Well, this baby sounds awesome. I was listening to a 1978 Pioneer SX-780 receiver that put out a whopping 45WPC solid state. I have had it for about 15 years and it has needed a cap job for about 9 of those years. I never wanted to do it because to me, it wasn't worth it.
So, I put together a system that I am now pleased with. The Octal 6, feeding into a 1972 Crown DC 300A series II that shows well on the 'scope, with a Kenwood 5-disc from like '91 or something. I can actually listen to it without cringing at the mids and highs, like I was forced to before. I have vinyl, but no player, and it is going to stay that way. I wanted a tube pre-amp so that I could get rid of the harshness that cd's put out. It is now super-smooth with a tube front-end ! I have an eq in the system, but it sounds better without it ! All you need is a volume control. The Octal 6 custom that I built, that Lloyd helped me with, is superb and well worth the money. If you take as many components out of the signal chain as possible, and just get back to basics you have then cleaned the signal up by tenfold. All the decibel loss REALLY matters ! KEEP IT SIMPLE.

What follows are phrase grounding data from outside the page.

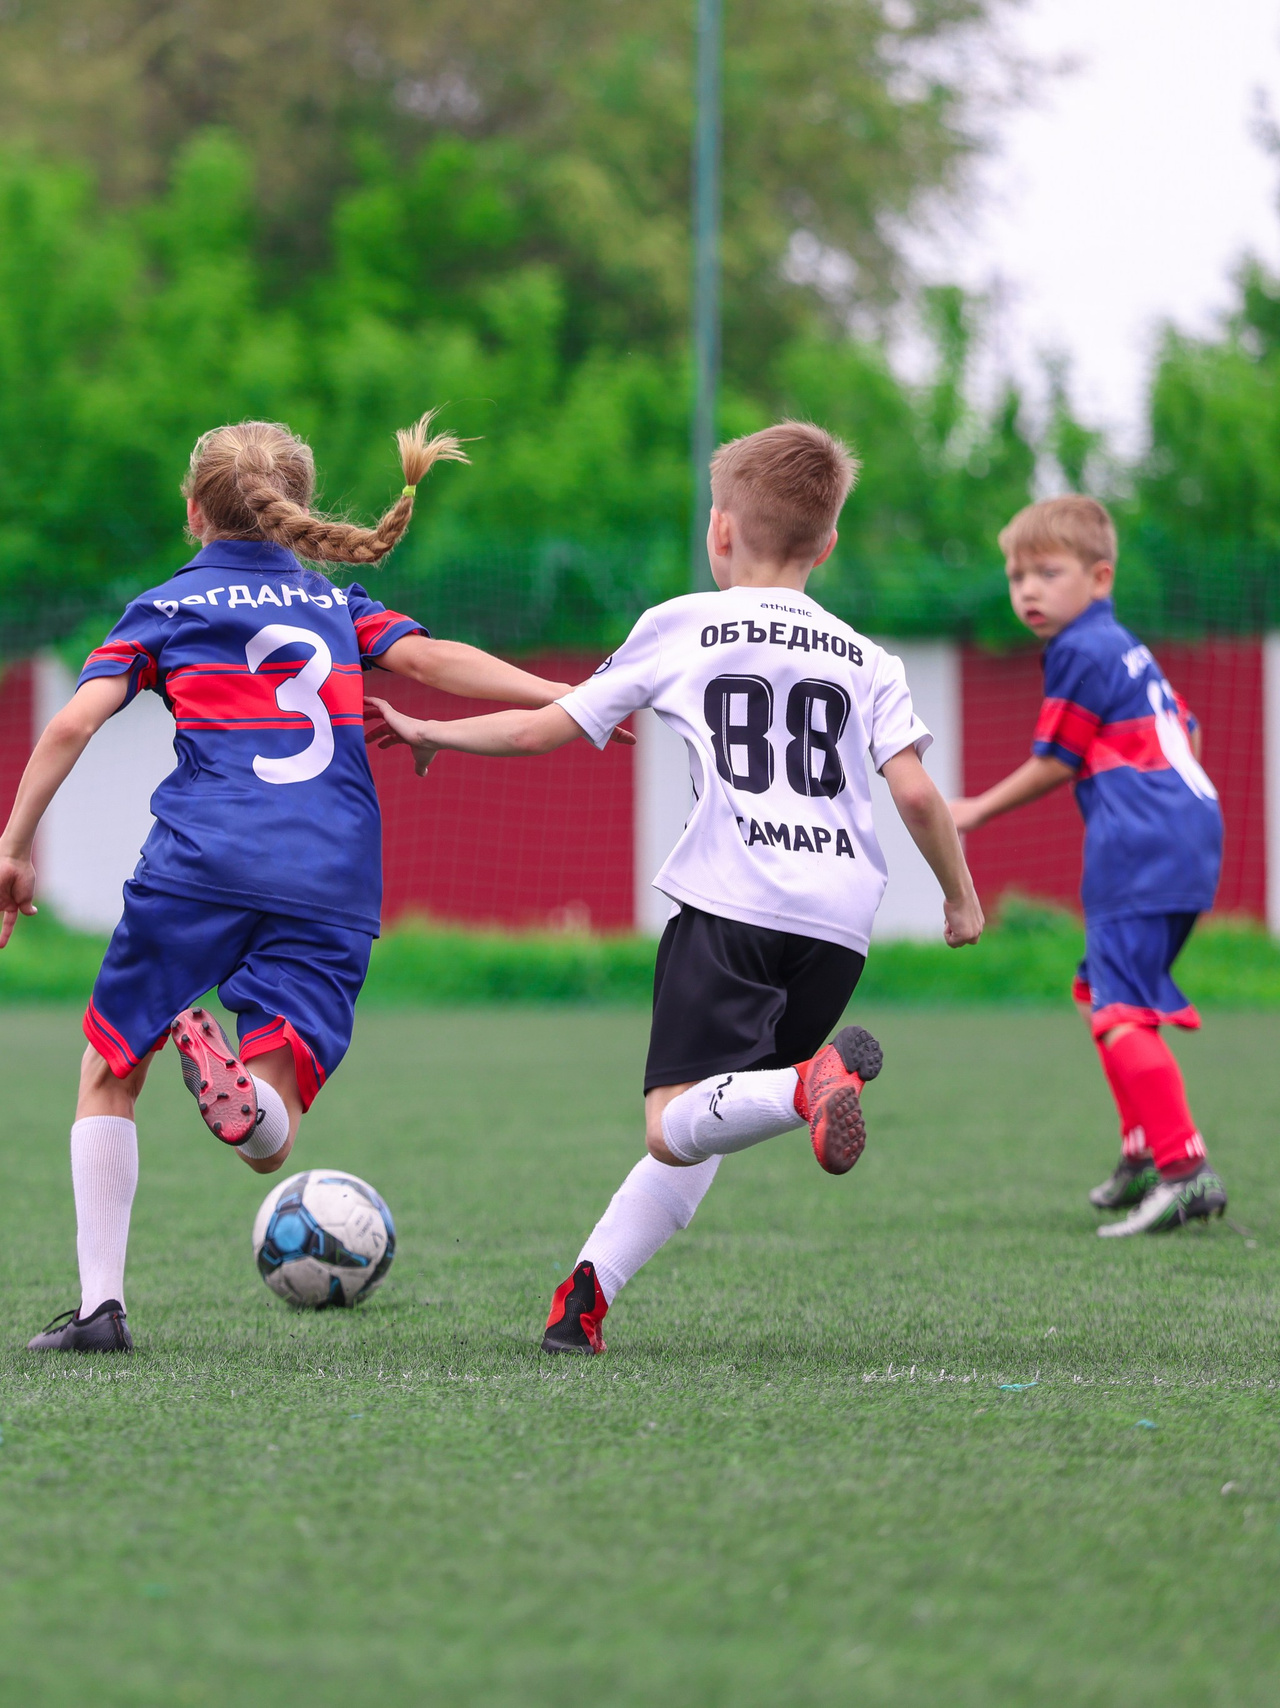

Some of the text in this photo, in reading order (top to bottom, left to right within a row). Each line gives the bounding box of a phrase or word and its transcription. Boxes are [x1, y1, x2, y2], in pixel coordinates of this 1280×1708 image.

[700, 620, 863, 667] ОБЪЕДКОВ
[245, 624, 335, 784] 3
[703, 674, 851, 800] 88
[736, 816, 855, 859] АМАРА
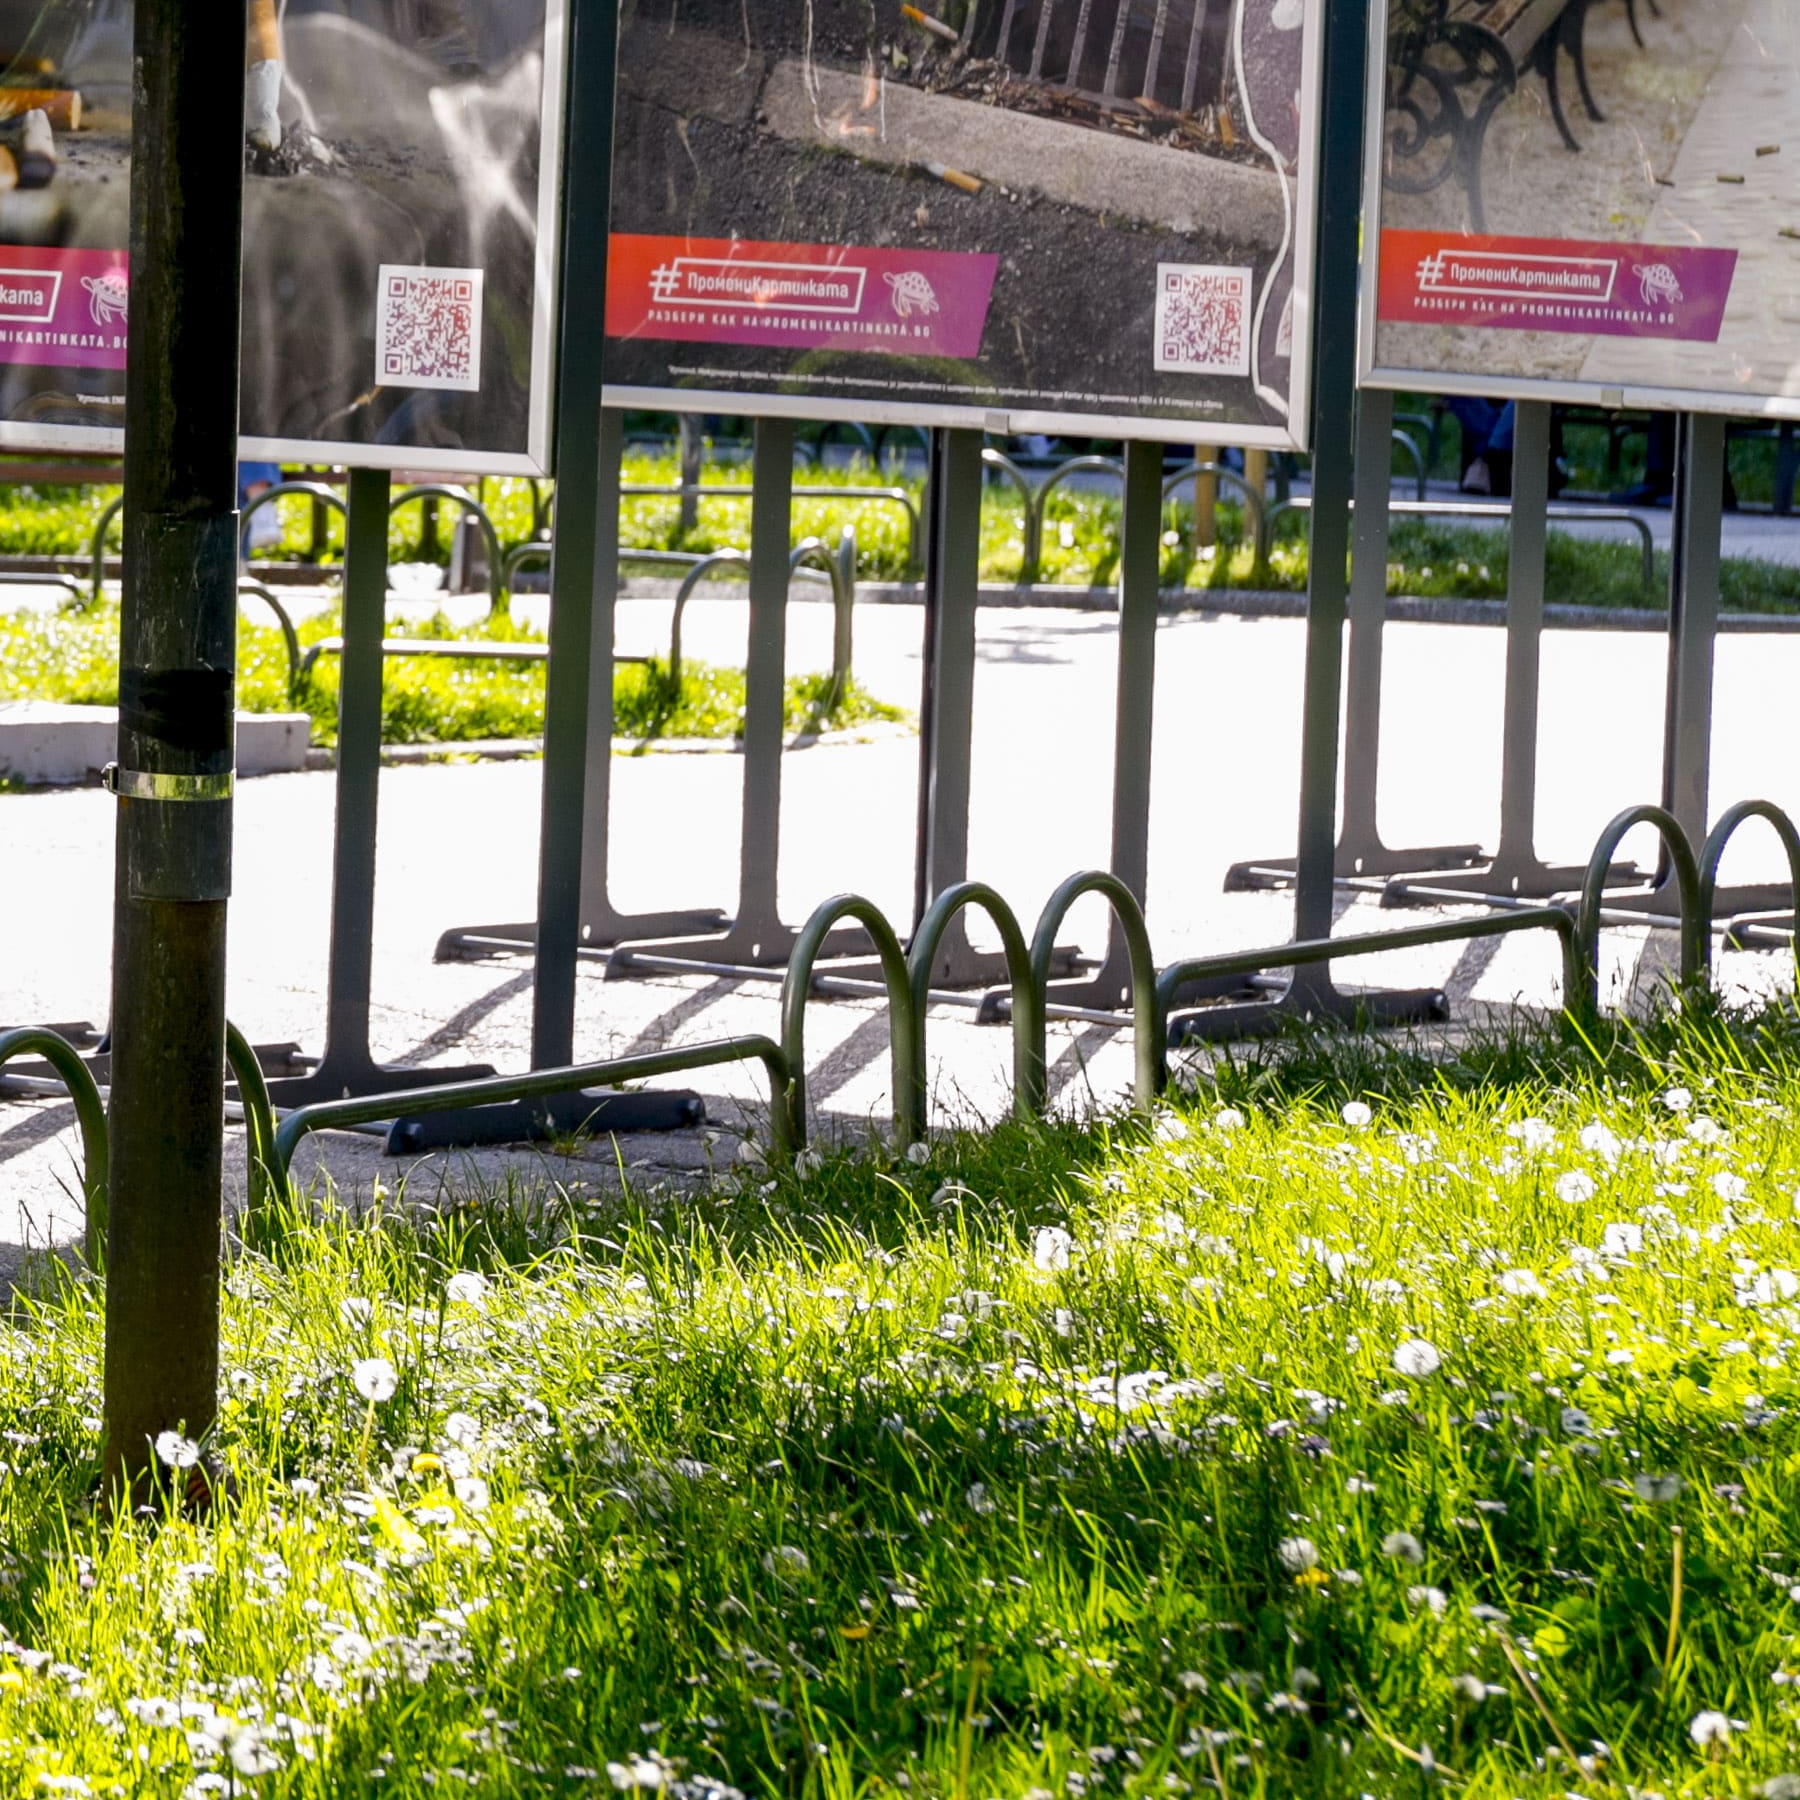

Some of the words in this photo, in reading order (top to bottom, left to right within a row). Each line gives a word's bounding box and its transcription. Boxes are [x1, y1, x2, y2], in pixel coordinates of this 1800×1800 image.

I also have a mid-fi system in my truck and it rocks, but there is nothing like tubes. My guitar amp speaks for itself. (Fender Hot Rod Deville with 4-10's and 12AX7's, and 6L6's in the power amp stage.) 60 watts mono, but it sounds like 300.
I'm 30 years old, and have listened to a lot of really fine systems including Carver through Bose 901's, Phase Linear through Gauss 18" drivers and they are all junk !
Tubes are the way to go.
Thank you Lloyd.
P.S. maybe we can convince him to offer a high-wattage tube power amp so we can shatter our neighbors windows if we would like ? (hint-hint)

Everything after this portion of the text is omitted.